Petrol imports from Russia rises by 84% – Report

Petrol imports from Russia rises by 84% – Report
Oil Vessel

Nigeria’s petrol imports from Russia have increased by 84 per cent in one year to 3.8 million litres (24,000 barrels) in 2023 from 558,300 litres (3,700 barrels) in 2022, data obtained from Argus West Africa Oil on Nigeria’s gasoline, the European trade overview has shown.

Russia has been exploring other markets after the European Union, UK and the United States placed embargoes on its oil because of the invasion of Ukraine.

A separate report by S&P Global said, “While shipments to European countries, like France and Belgium, have cratered in recent months, shipments to African countries—particularly northerly ones—have skyrocketed, particularly after the EU embargo on product imports came into force,” it said.

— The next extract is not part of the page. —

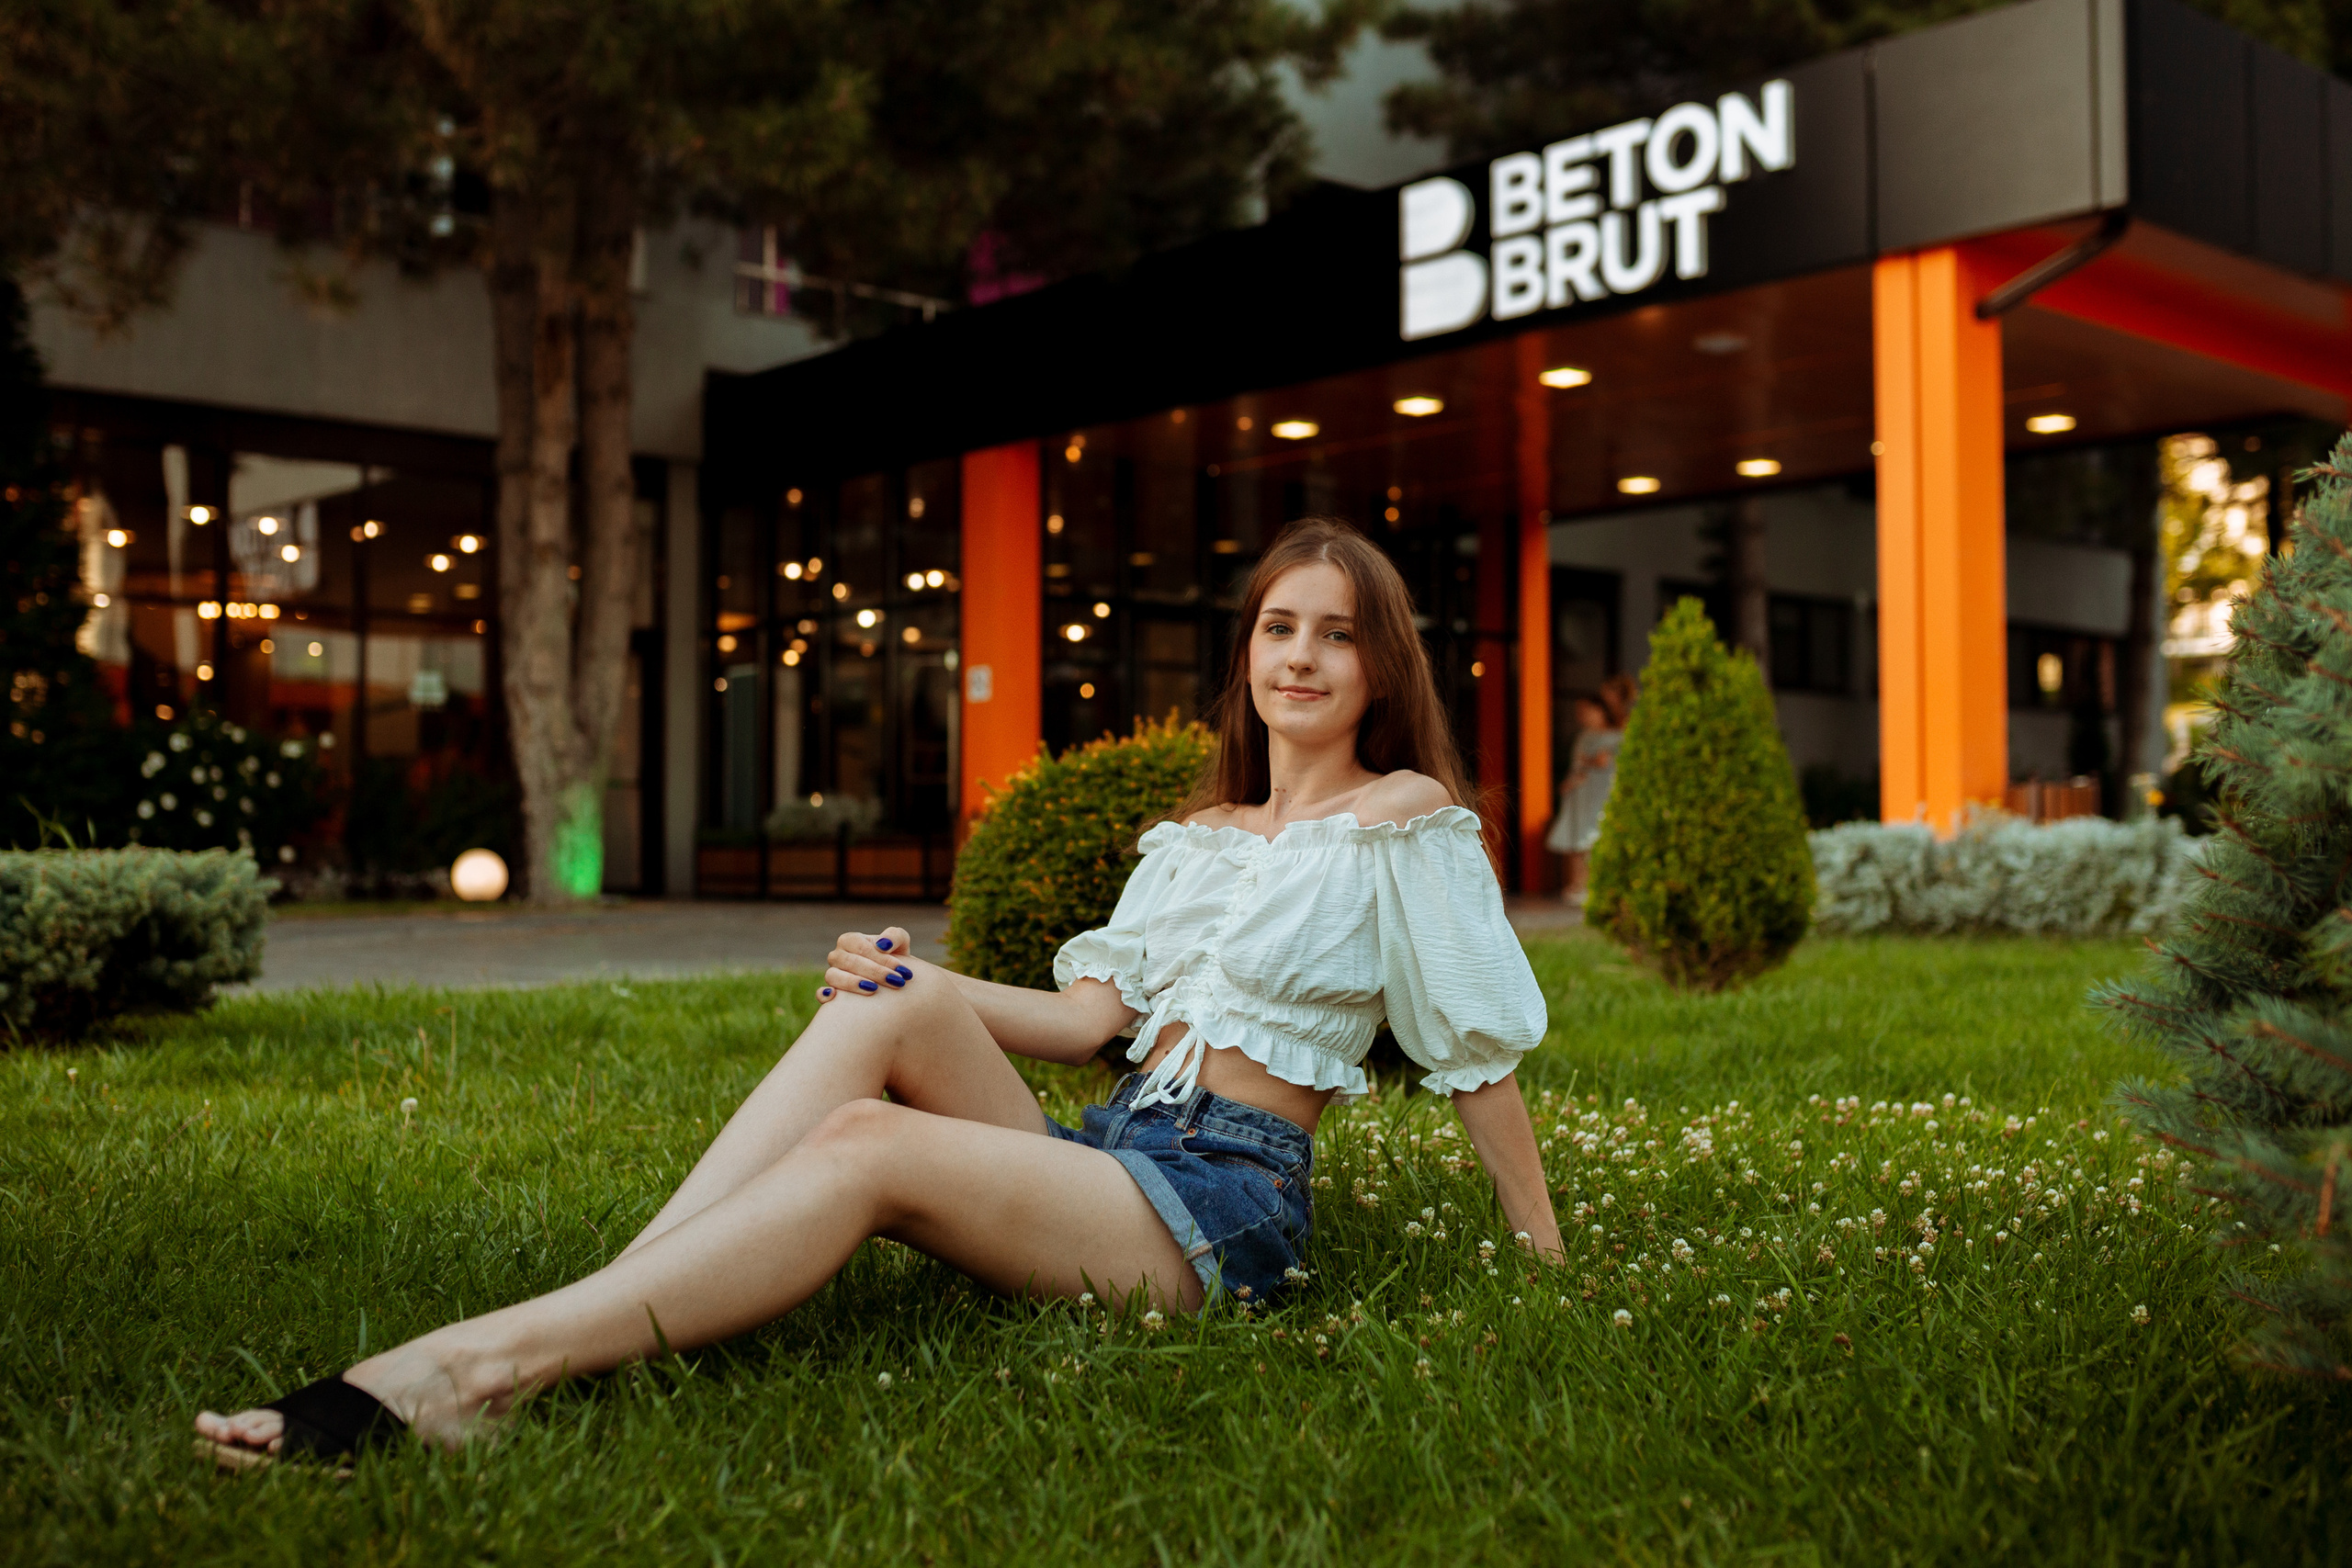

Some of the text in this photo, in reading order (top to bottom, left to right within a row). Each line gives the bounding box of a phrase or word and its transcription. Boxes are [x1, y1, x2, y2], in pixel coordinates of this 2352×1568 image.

While EU countries, US and others have openly condemned Russia’s invasion of Ukraine, African countries have refused to condemn Vladimir Putin’s full-scale invasion of Ukraine.

The Organisation of Petroleum Exporting Countries, of which Nigeria is a strong member, has maintained oil trade and alliances with Russia, a non-OPEC member, which has been a strong party to the Declaration of Cooperation oil cuts since 2014/2015.

According to Argus, while Nigeria has imported around 265,000 b/d of petrol from 2016 – July 2023, with approximately 228,000b/d imported from Europe, the country’s imports from Russia have spiked to 24,000 b/d in 2023, compared with 3,700 b/d last year.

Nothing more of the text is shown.